Holding the Man

I arrived at this book by a roundabout route.  I heard the title first as a play being put on in London.  I wanted to go to see it but couldn’t but I was interested in the subject matter and was keen to know more.  I ordered the play script and read that first.  At this point I discovered that the play was based on the book and, only then, did I get a copy and read it.

The book by Timothy Conigrave is a memoir of his life with his lover and long-term partner John Caleo.  They met at secondary school in Melbourne, Australia. John was a talented football player and the title is a term from Australian rules football which refers to a fault which results in a penalty. It is an appropriate title since their love and happiness is affected when they are both diagnosed with HIV.

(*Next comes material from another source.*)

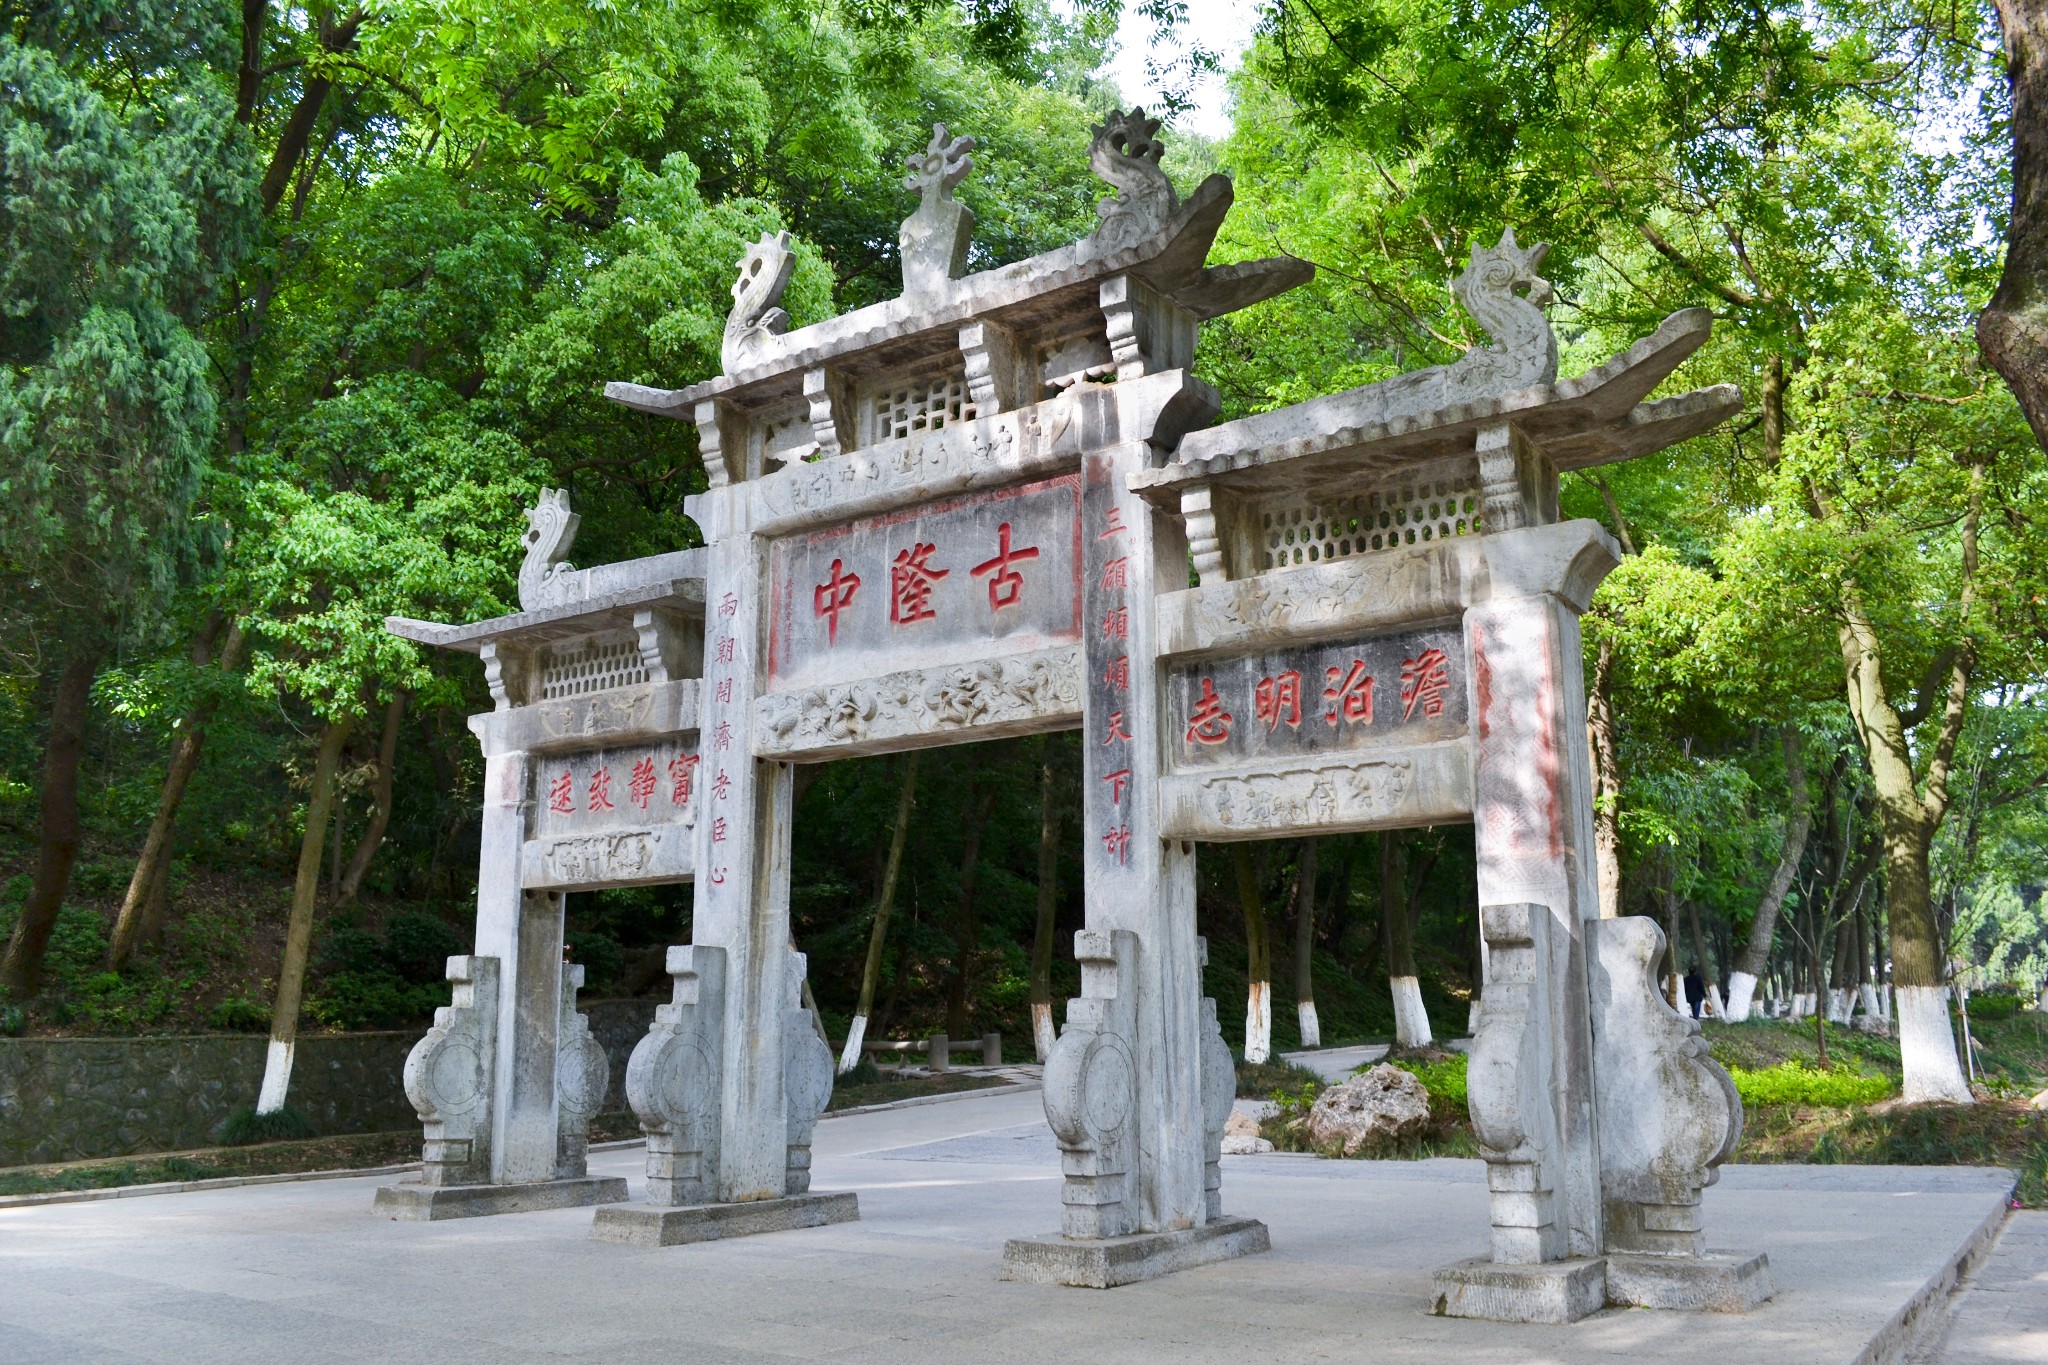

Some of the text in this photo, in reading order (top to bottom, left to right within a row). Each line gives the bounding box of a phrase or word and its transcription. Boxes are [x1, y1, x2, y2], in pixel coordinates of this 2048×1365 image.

[813, 522, 1039, 647] 古隆中
[1186, 648, 1450, 745] 澹泊明志

The book covers their story of meeting at school, falling in love, growing up and moving in together.  It then details the lengths Tim goes to nurse John and keep him alive.  This section of the book is the most harrowing since the end seems to be inevitable and the effect this has on two people who love each other deeply is hard to read.  The final passages of the book when a bereaved Tim remembers his lover are the hardest of all.

Yet, this is also a book about the triumph of love.  Love is where it falls.  The couple do not have an easy time of it in a society which was often censorious about gay relationships.

John died in 1992 and three years later, just after finishing this book, Tim died. The book was turned into a play by Tommy Murphy.  This was the play that I heard about and the start of the trail that led me to the book.  I am so glad it did.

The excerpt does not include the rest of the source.